Das ausführlich begründete Urteil des Oberlandesgerichts Düsseldorf überzeugt. Es stärkt die Käuferrechte beim Erwerb von Unternehmen. Kundenschutz kann auch länger als zwei Jahre nach Übertragung des Unternehmens gelten; eine Karenzentschädigung fällt nur ausnahmsweise an. Verfassungsrechtlich hätten wir uns noch stärker die Diskussion der Grundrechte (Eigentumsgarantie und allgemeine Handlungsfreiheit) gewünscht.
Beim Erwerb von Beratungsunternehmen geht es hauptsächlich um die Übertragung der Kundenbeziehungen als wichtigstem Vermögensgegenstand des erworbenen Unternehmens.
Der Erwerber kauft umgangssprachlich die Kunden, was vor allem das Unterlassen von Abwerbung dieser Kunden gegenüber dem Käufer des Unternehmens bedeutet. Nicht selten verpflichtet sich der Verkäufer, alle bisherigen Kunden nicht mehr zu betreuen.

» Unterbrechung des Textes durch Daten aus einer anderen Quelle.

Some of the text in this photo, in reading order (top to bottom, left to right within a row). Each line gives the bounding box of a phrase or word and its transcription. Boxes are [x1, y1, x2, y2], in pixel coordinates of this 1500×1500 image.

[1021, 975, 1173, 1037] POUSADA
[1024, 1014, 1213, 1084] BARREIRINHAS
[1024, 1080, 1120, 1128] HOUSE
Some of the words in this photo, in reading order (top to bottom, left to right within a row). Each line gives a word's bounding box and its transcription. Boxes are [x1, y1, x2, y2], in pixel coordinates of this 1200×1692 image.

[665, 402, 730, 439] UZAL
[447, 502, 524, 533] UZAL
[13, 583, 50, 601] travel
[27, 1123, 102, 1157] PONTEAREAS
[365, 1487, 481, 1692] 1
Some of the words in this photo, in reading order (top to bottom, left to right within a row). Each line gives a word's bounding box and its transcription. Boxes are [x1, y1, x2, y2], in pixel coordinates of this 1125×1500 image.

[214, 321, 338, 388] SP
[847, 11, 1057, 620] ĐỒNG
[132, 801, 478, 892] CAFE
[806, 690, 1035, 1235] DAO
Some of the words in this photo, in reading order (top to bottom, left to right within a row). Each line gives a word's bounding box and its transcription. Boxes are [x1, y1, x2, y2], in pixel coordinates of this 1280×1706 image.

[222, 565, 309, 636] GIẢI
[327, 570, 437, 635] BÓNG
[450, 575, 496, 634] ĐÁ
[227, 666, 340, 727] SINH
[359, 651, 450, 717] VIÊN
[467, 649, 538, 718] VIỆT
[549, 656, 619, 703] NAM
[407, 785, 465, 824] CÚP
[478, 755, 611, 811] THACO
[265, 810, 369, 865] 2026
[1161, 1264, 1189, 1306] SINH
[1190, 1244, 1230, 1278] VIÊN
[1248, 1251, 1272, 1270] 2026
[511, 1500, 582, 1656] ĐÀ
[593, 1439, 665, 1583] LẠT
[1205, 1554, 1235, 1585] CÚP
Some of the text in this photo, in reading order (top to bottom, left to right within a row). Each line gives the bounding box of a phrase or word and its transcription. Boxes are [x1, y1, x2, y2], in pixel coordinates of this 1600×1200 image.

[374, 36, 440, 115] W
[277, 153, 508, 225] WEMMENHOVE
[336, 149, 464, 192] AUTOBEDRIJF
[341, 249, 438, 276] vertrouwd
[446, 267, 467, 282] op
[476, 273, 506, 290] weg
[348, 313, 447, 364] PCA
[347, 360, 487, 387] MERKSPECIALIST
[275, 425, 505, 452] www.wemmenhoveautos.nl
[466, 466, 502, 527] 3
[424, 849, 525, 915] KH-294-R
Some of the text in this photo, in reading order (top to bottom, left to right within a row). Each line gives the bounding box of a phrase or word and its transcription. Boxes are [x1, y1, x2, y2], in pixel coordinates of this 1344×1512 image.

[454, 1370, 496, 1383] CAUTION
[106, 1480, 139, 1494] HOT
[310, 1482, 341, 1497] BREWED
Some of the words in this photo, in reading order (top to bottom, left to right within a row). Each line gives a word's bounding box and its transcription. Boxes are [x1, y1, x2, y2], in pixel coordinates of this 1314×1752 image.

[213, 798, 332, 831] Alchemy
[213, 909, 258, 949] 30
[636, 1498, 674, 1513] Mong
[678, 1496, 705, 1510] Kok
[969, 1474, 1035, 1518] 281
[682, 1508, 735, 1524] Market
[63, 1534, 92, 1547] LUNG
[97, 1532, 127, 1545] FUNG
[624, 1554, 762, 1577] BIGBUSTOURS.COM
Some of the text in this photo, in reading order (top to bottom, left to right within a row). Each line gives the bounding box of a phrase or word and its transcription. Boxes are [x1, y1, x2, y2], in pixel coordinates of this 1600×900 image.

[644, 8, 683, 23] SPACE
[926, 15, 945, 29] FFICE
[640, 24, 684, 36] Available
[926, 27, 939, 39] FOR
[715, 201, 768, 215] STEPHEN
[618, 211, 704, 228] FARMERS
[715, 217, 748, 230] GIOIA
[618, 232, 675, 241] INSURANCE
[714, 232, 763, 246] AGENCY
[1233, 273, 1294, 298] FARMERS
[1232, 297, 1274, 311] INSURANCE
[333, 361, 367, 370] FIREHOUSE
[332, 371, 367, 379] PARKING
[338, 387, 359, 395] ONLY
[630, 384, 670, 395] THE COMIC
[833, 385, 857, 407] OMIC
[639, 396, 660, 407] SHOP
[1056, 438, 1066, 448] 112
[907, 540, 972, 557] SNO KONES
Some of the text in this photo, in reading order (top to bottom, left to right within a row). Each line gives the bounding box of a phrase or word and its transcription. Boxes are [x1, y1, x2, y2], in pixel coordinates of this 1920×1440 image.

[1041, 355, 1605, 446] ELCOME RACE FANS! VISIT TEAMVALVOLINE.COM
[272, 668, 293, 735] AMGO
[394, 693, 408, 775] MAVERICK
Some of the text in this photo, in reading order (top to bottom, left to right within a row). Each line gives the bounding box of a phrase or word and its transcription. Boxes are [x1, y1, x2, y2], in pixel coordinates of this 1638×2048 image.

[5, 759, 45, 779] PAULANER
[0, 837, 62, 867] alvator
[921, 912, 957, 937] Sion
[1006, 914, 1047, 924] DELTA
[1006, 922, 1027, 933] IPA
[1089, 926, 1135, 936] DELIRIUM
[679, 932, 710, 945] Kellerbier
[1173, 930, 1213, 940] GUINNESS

Manchen Veräußerer reut allerdings die Veräußerung, so dass sie versuchen, den Kundenschutz zu umgehen. Regelmäßig wird bei natürlichen Personen dann die wirtschaftliche Abhängigkeit oder Arbeitnehmerähnlichkeit behauptet, was bei fehlender Karenzentschädigung analog § 74 Abs. 2 HGB zu einer Wirkungslosigkeit des Kundenschutzes führte (BGH EWiR 2003, 971). Das OLG Düsseldorf schränkt die Möglichkeit der Berufung auf diese Analogie stark ein, indem es die Kaufpreiszahlung auch als Entschädigung für den Kundenschutz ansieht. Selbst bei wirtschaftlicher Abhängigkeit des Verkäufers durch überleitende Mitarbeit gab es also eine Art Karenzentschädigung, über deren angemessene Höhe dann nur noch Streit bestehen kann. Bei Zahlung eines nach dem Jahresumsatz bestimmten Kaufpreises sollten die Voraussetzungen von § 74 Abs. 2 HGB (Hälfte der Vertragsleistungen für jedes Jahr des Verbots) regelmäßig erfüllt sein.
Auch die Dauer des Kundenschutzes sieht das OLG Düsseldorf unkritisch: Im konkreten Fall enger Kundenbindung erlaubt es sogar fünf Jahre. Im Zweifel muss den Erwerber eine unangemessen hohe Laufzeit nicht interessieren, da die Rechtsprechung die Geltung durch angemessene Reduktion der Laufzeit erhält. Die Anerkennung einer fünfjährigen Laufzeit kann allerdings als Diktum bei enger Kundenbindung im Bereich von Dienstleistungen höherer Art aufgrund besonderen Vertrauens wie hier der Steuerberatung gewertet werden. Demgemäß hat ein Käufer nur im Falle eines pauschalen Konkurrenzschutzes Gegenstand und räumliche Geltung zu beachten; auf der sicheren Seite ist er mit einem auf einzelne Kunden definierten Kundenschutz. Zur einfacheren Vollstreckung sollten diese Kunden namentlich benannt werden.